Regardless of which of these opposing teams a person finds themself, it would be foolish to declare the winner of this game before it ends. That is, until this economic cycle completes and starts over again. If we attribute the peak of the market as representing the end of the 2nd quarter of the game, that would mean that we are currently in the beginning of the 3rd quarter. We are a long ways off from the end of this game.
Now it could be that the 2nd half of this game will go a lot faster than the 1st half; that’s what our soft landing crowd thinks will happen. It’s also possible that the 2nd half could last just as long as the first half; that’s what our Revert-to-Mean adherents think will happen.
We already know that the uber-bulls who were pumping the New Paradigm were flat-out wrong because the market has already gone where they said it wouldn’t go. So the RtM crowd already has a partial victory. Many of the people who did purchase in the last 24 months have already seen their “profits” evaporate, whether they have to sell right now or not. So much for how smart they were.
As for rents, there are a couple things we need to never forget about rents. For one, renters have no long term upside; that is, they have no expectation of profits from appreciation. That means they approach housing costs as being solely about housing, not about retirement or moving up the property ladder or impressing their buddies at work with their financial acumen.
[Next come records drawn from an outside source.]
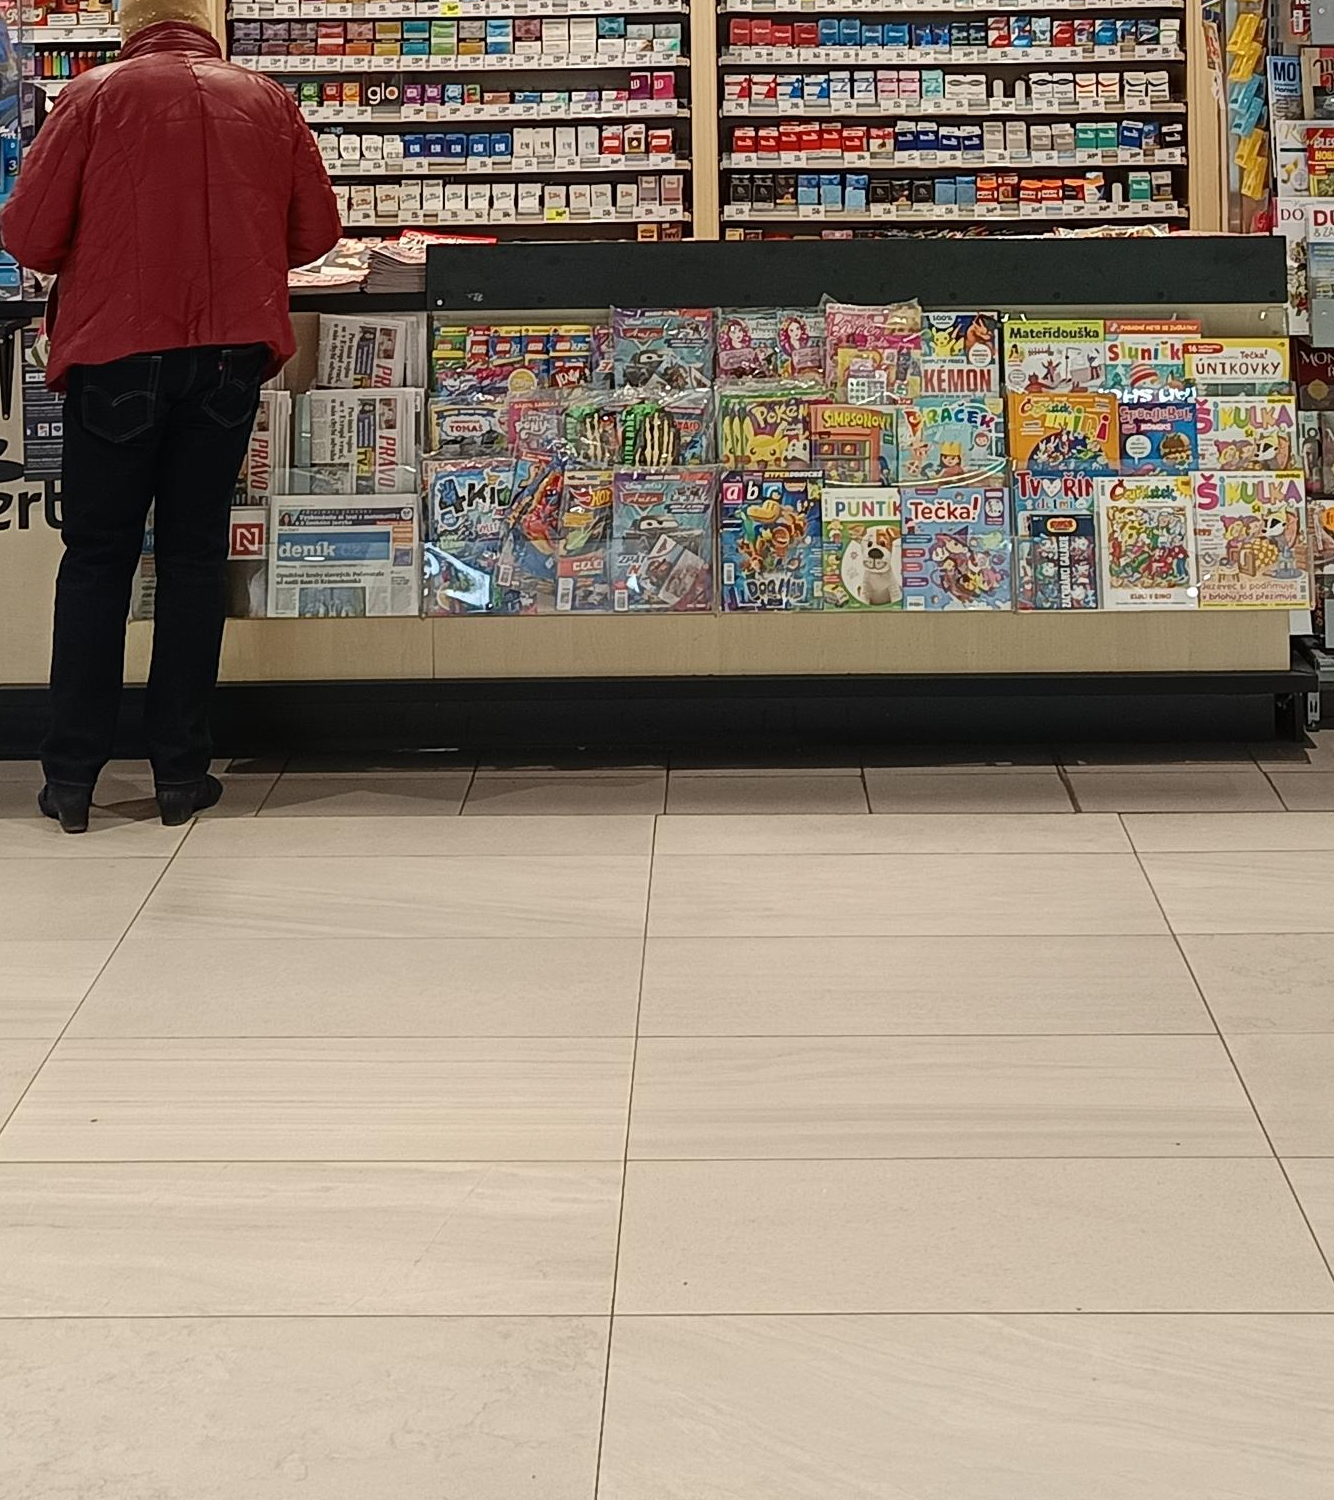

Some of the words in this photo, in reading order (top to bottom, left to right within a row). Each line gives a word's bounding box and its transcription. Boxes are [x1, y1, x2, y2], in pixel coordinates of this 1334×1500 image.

[367, 81, 399, 105] glo
[1009, 327, 1100, 341] Mateřídouška
[1195, 357, 1280, 376] ÚNIKOVKY
[1240, 349, 1267, 360] Tečka!
[1197, 399, 1294, 435] ŠIKULKA
[251, 438, 271, 490] PRÁVO
[378, 434, 397, 489] PRÁVO
[1197, 473, 1302, 510] ŠIKULKA
[835, 492, 901, 518] PUNTÍK
[909, 497, 980, 523] Tečka!
[279, 542, 336, 558] deník
Secondly, rents are tied to solely to wages, not investment income. San Diego wages are increasing only slowly and unevenly, and there is no reason to think they will double or triple in the next 10 years. In fact, in a global economy they CAN’T double or triple in the next 10 years.
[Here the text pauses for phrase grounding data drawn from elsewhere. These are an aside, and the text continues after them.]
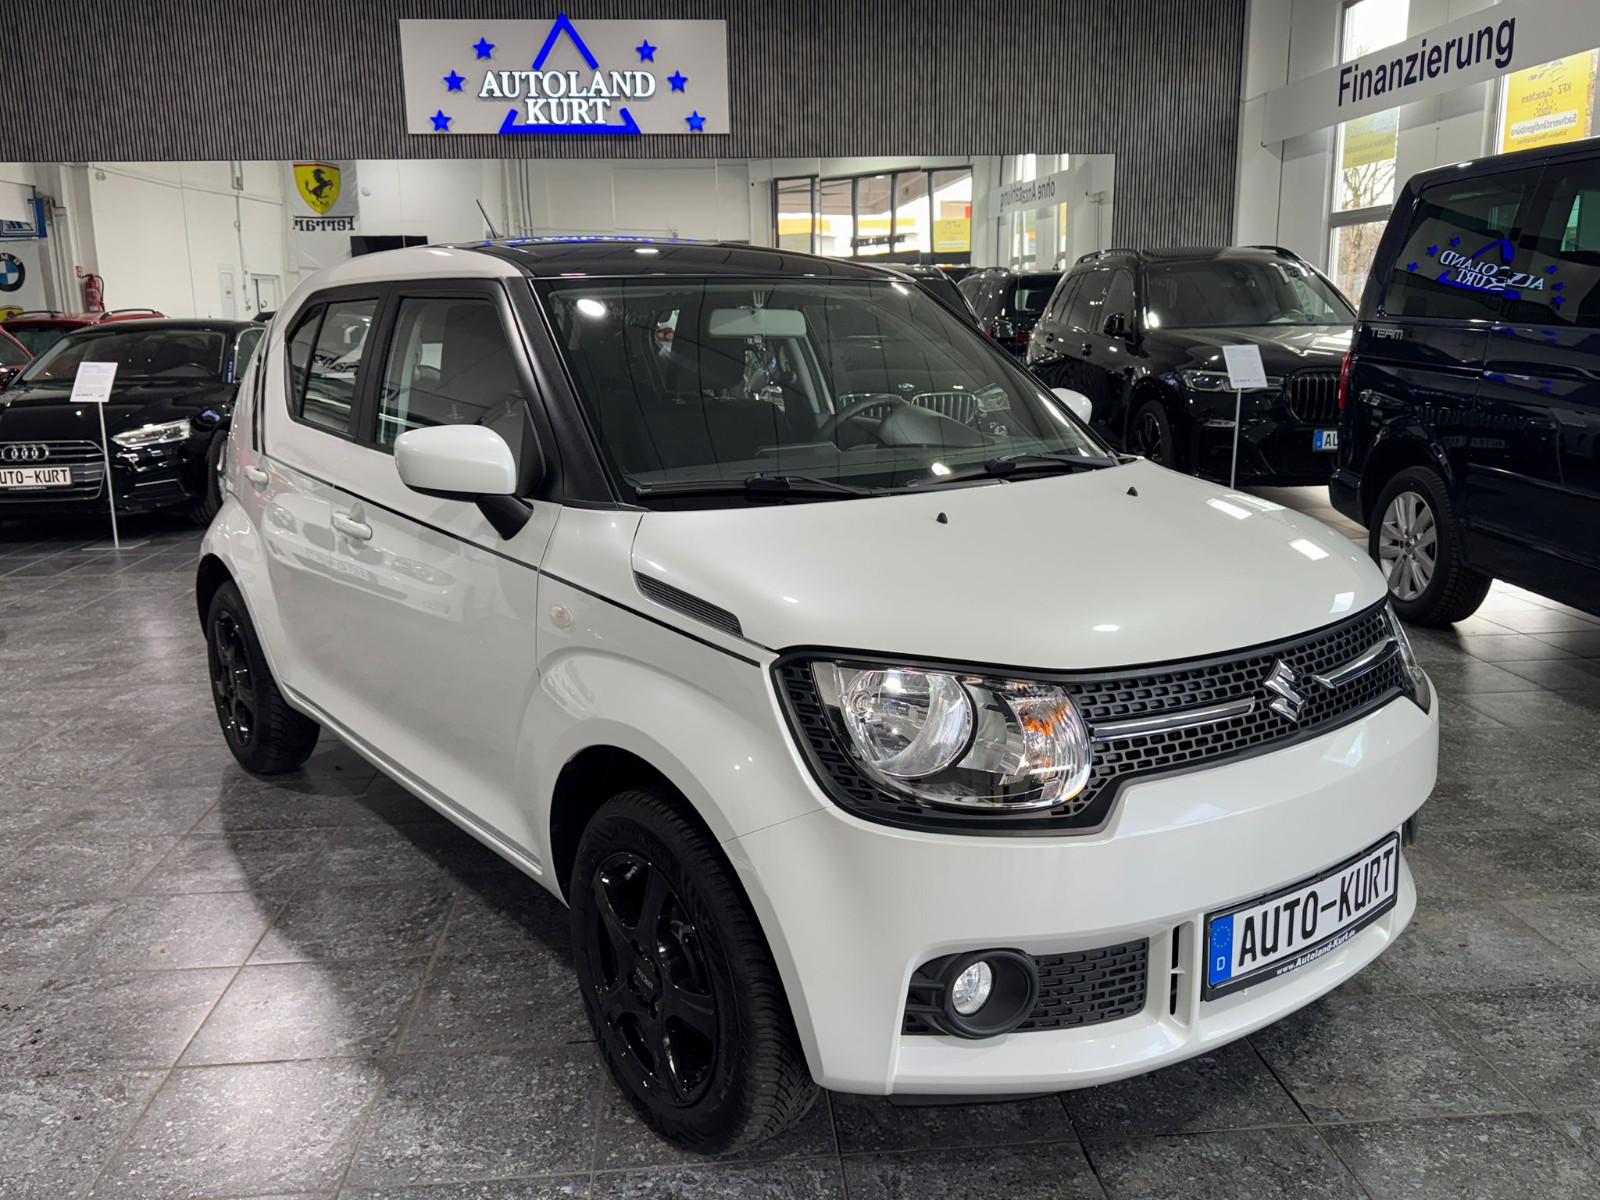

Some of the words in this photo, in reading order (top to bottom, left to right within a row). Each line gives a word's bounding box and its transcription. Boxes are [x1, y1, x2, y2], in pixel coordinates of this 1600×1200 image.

[1337, 16, 1516, 107] Finanzierung
[478, 70, 657, 99] AUTOLAND
[525, 98, 611, 125] KURT
[0, 470, 68, 485] UTO-KURT
[1238, 846, 1394, 967] AUTO-KURT
[1216, 956, 1226, 971] D
[1276, 929, 1356, 975] www.Autoland-Kurt.de
That’s why there is only so much room for rents to increase. Unlike a short-horizon investor, a renter has no incentive to spend 50% or more of their income on their housing because they do have options. One of those options is to leave town – we know this because that’s what has been happening here in town for a couple years now. Some of the people leaving town were homeowners and others were people who wanted to be homeowners.
So the bottom line on rents is that will not double or triple in the next 5 years and they will not support the current prices less losses at the soft-landing level.
Now if you have something other that “this is SD and everyone wants to be here” we’d love to listen. But if you want to influence our opinions you’re going to have to back that something up. So far, NOBODY has brought anything in that will stand up to even casual examination.